Um outro homem, da mesma idade, executivo ou advogado, chega correndo. Ele se acomoda entre nós, batendo os pingos do paletó. Vê o cara no chão e, de repente, sofre um ataque de benevolência. Pergunta ao sujeito se ele já almoçou. Como resposta, ouve um não desconfiado. Parece aprovar a fome do outro, e pede a ele que espere cinco minutos, não saia daí, vou comprar uma marmita para você. Faz menção de entrar num restaurante, mas o homem sentado o detém aos bufos, contrariado, sabe que o brasileiro é autoritário até na caridade. Já de pé, pergunta: “E eu pedi isso, por acaso?”
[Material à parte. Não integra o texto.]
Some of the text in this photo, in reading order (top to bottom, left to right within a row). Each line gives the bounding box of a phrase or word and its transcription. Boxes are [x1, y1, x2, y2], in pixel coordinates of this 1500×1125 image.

O caridoso não entende, como é que é? O outro explica que não é de pedir, não gosta de receber ordens de ninguém, e muito menos comida. Só estava sentado, de boa, admirando a chuva. O advogado, ou executivo, dá sinais de enfezamento, mas é logo amansado, pois o ofendido torna a lhe fazer perguntas duras, qual é a sua, o que quer comigo, afinal? Não é mendigo, nem homem de esperar machos, marmitas ou respostas, e por isso dá logo o seu veredito: “Você quer é coisas comigo”. E enfatiza o substantivo “coisas”, que repete uma dúzia de vezes, de boca cheia, como se o comesse.
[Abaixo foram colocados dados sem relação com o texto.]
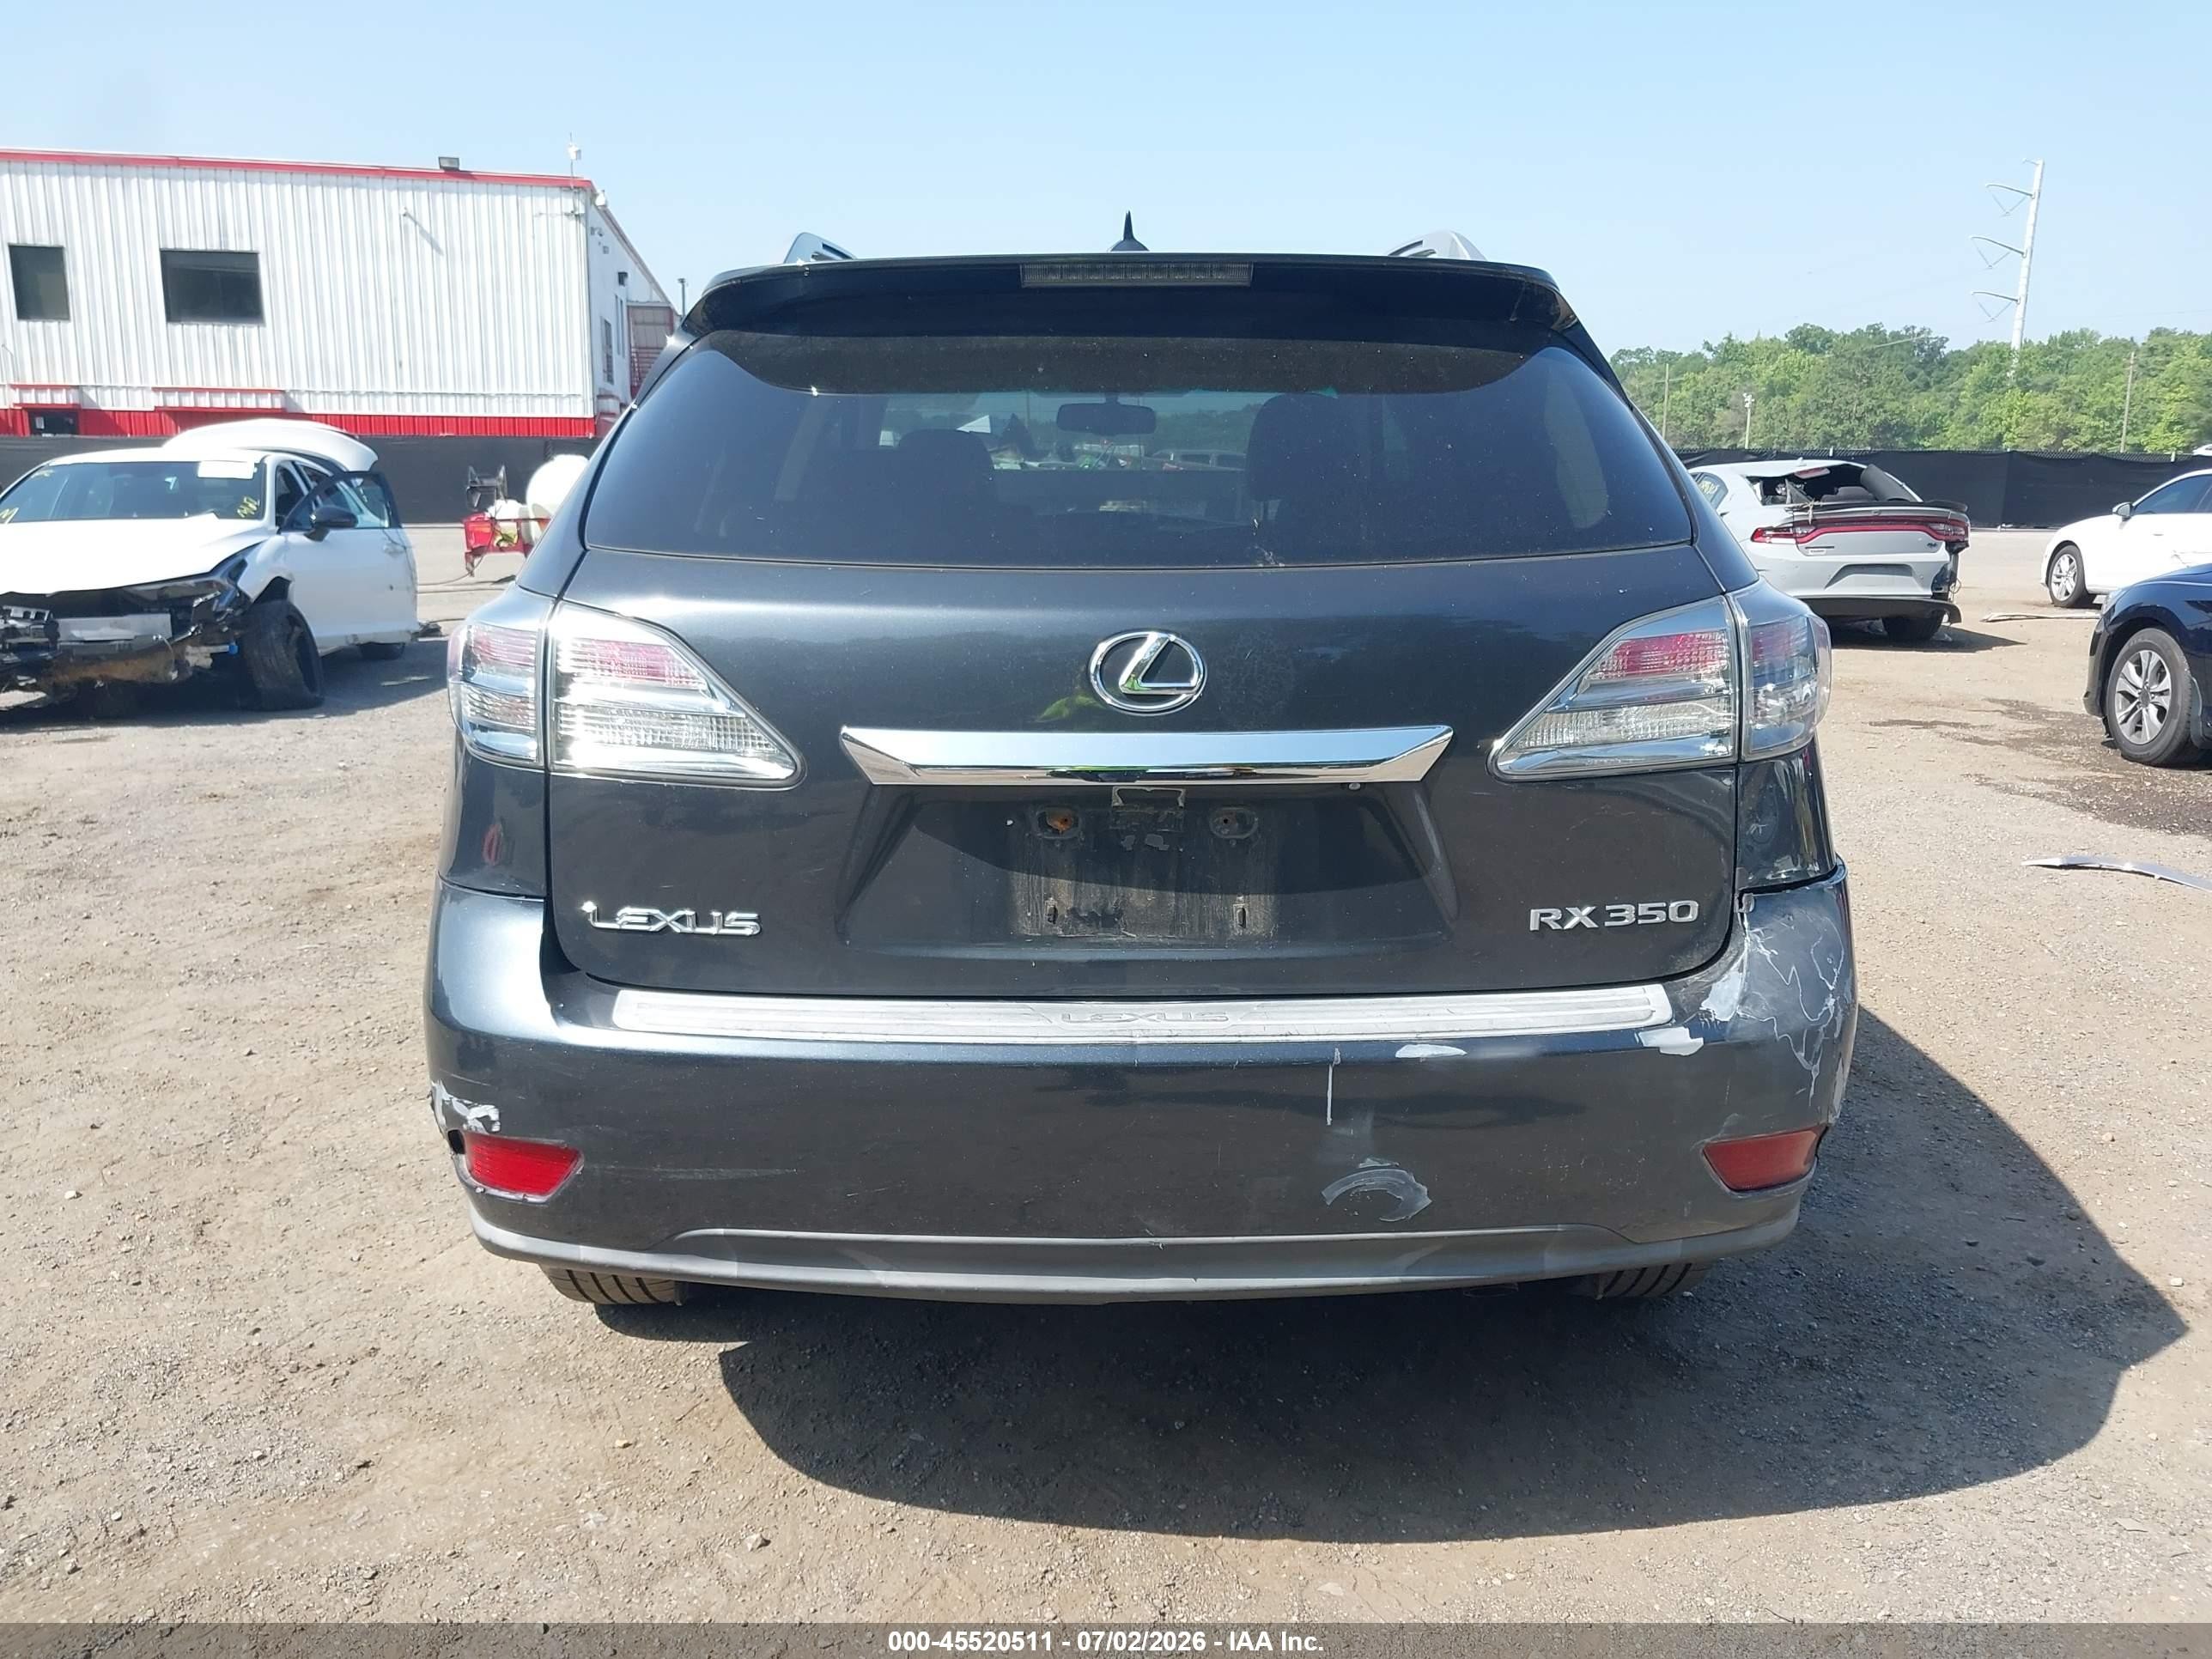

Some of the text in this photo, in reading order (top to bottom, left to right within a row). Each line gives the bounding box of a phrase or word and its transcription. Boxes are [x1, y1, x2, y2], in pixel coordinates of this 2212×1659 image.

[583, 902, 761, 936] LEXUS
[1529, 901, 1699, 931] RX 350
[1060, 1012, 1230, 1024] LEXUS
Somos uma massa úmida de angústias, mas um de nós, só um, não liga para a chuvarada

Que coisas seriam essas, jamais saberemos. O executivo, ou advogado, corroído pela mágoa ou, talvez, por secretas perturbações, nem discute. Foge aos saltos, sacrificando a própria reputação à tempestade. Encharcado, some na esquina da Cabral.

Agora estamos na Riachuelo. A chuva é forte, mas o vento nos dá uma trégua. Na marquise, uma moça busca convencer um velho a perdoá-la. Não sabemos qual foi seu erro, mas o casal age como se debatesse um crime. Ela jura que o ama, que foi a última vez. Ele tenta parecer furioso, mas a musculatura de seu rosto anda exausta de machezas. Infantil, apenas vira a cara e resmunga: “Não perdoo”.

A moça pergunta o que deve fazer para adoçá-lo, e ele garante que nada. Ela insiste, o senhor endurece e o impasse os imobiliza, até ela anunciar uma ideia nova, extrema: “E se eu me ajoelhar nesta poça d’água, de calça branca?” O velho vai protestar, mas não dá tempo. Ela se ajoelha, abraça as pernas dele, quase o derruba. A calça branca está perdida, e o velho, embora mau, não suporta tanta degradação. Começa a chorar e, aflito, ergue a namorada. Entre lágrimas, amoroso, a repreende: “Era a tua melhor calça, neném!”

A água sobe depressa na Visconde de Nácar, e um casal emburrado gruda as costas na vitrine da loja de lustres. Homem e mulher nada dizem, há muito deixaram de ter bocas, línguas, cordas vocais. Mas, quando a enxurrada traz até eles o cadáver afogado de um rato, a mulher reaprende a falar e diz, penalizada: “Coitadinho”.

Santo roedor, é um duplo milagre: o homem também reencontra seu verbo e sua comunicabilidade, mas tem o sangue irritadiço, e suas palavras são de ódio, onde já se viu ter dó de rato, um bicho que nos transmite doenças? Ele parece ter razão, é o que achamos todos nós, sob a marquise, mas a esposa, calma, logo nocauteia o marido: “Você também transmite doenças, já esqueceu?”

Dito isso, ambos voltam ao silêncio que os protege, e suas bocas cicatrizam para sempre, como feridas antigas, ou bueiros entupidos.